(MATERIAL SHOWN)

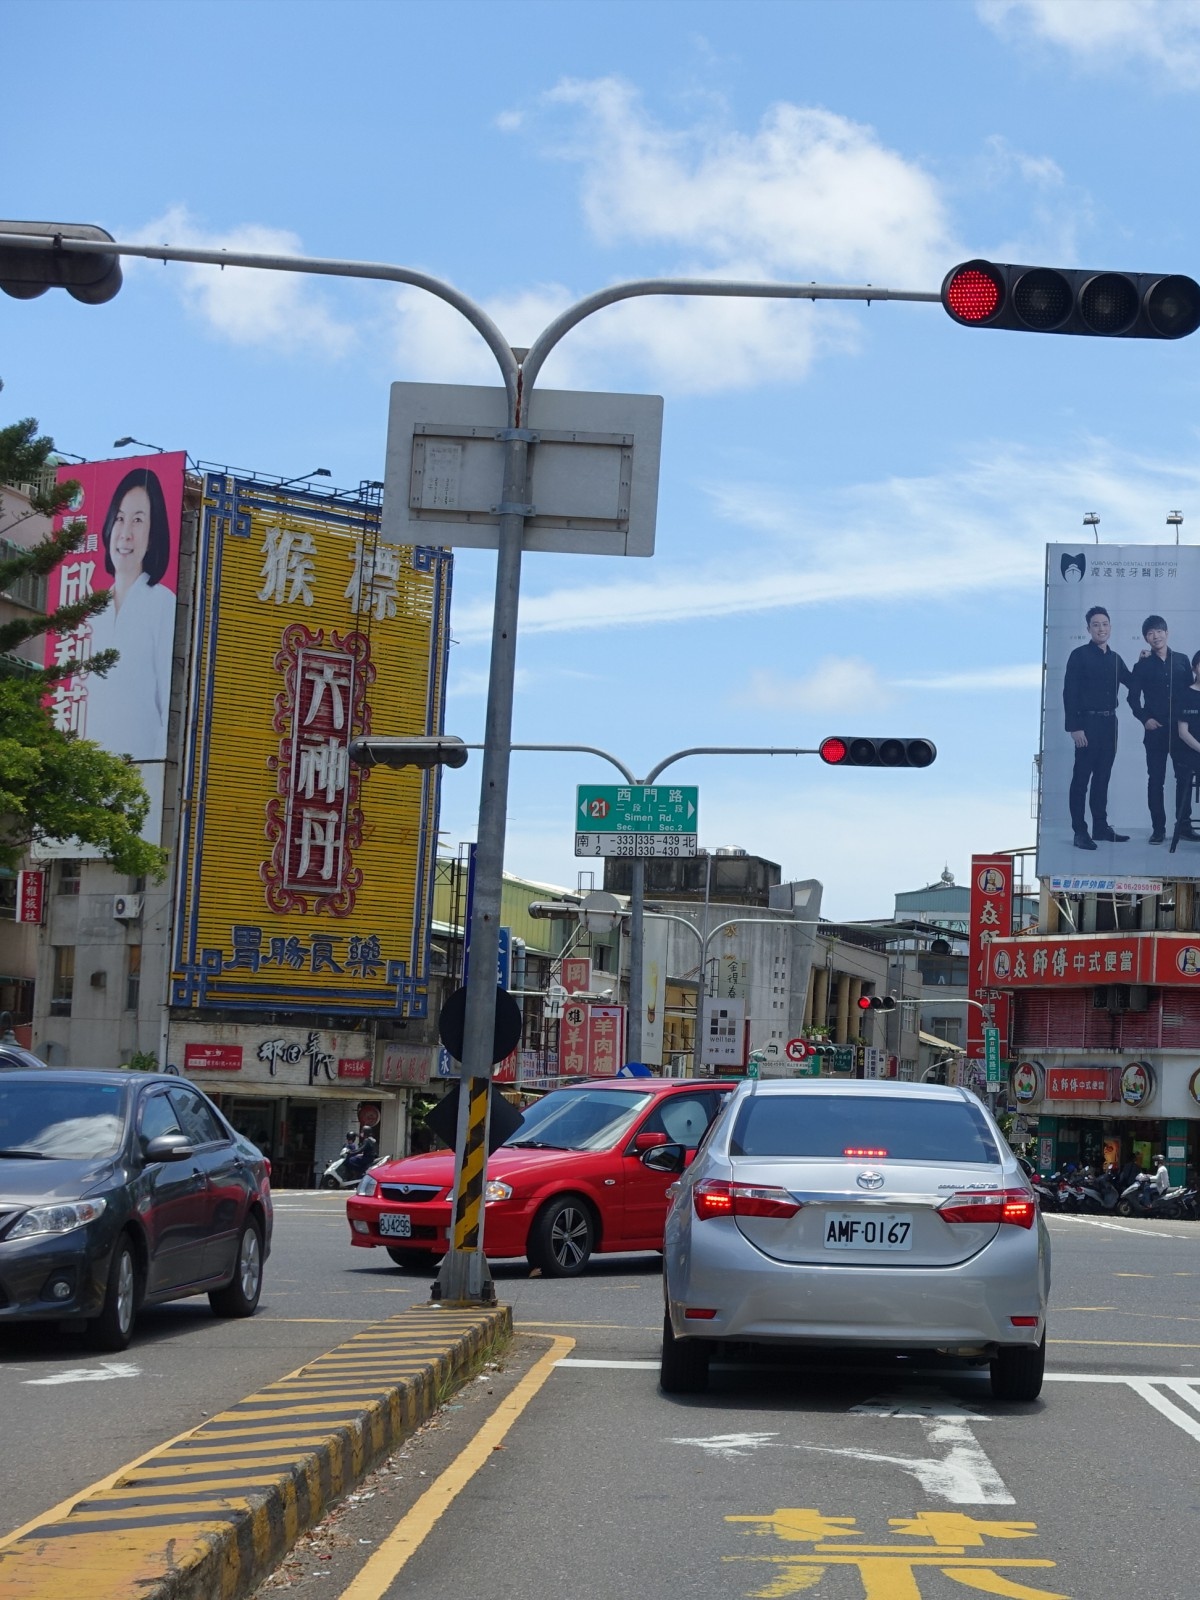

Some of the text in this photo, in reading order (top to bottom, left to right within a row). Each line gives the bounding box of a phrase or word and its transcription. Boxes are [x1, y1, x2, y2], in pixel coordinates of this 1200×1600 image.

[293, 661, 351, 882] 六神丹
[617, 788, 684, 803] 西門路
[591, 801, 607, 817] 21
[624, 813, 675, 822] Simen Rd.
[577, 835, 589, 848] 南
[682, 836, 695, 848] 北
[1073, 950, 1133, 972] 中式便當
[593, 1018, 614, 1073] 羊肉爐
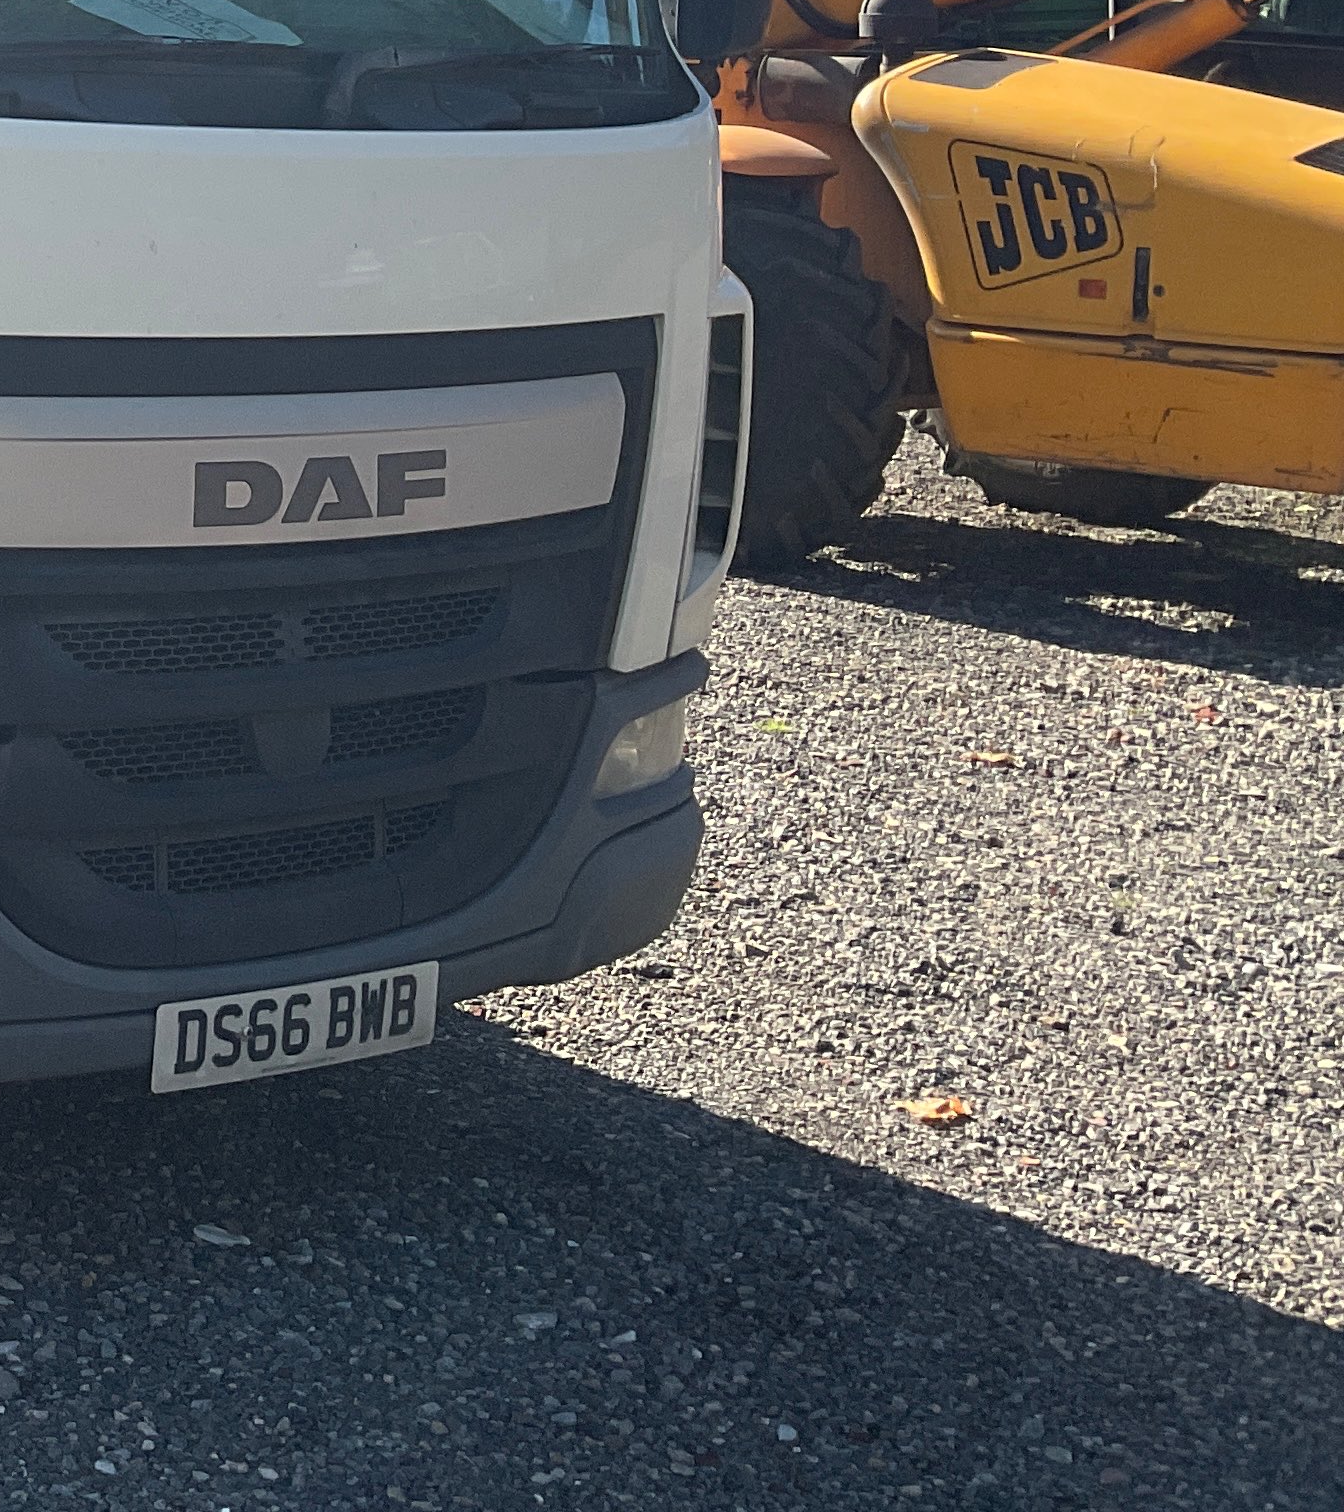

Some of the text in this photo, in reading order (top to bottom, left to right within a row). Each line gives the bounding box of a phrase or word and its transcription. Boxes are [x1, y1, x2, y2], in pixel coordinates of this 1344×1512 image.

[975, 155, 1109, 276] JCB
[192, 449, 447, 528] DAF
[173, 974, 418, 1075] DS66 BWB

(End MATERIAL SHOWN)

# [TASK DETAILS]
Only the lines from the one containing "this 1344×1512 image." through the end of the entries above belong in the answer; repeat them exactly.

# [WRITTEN ANSWER]
Some of the text in this photo, in reading order (top to bottom, left to right within a row). Each line gives the bounding box of a phrase or word and its transcription. Boxes are [x1, y1, x2, y2], in pixel coordinates of this 1344×1512 image.

[975, 155, 1109, 276] JCB
[192, 449, 447, 528] DAF
[173, 974, 418, 1075] DS66 BWB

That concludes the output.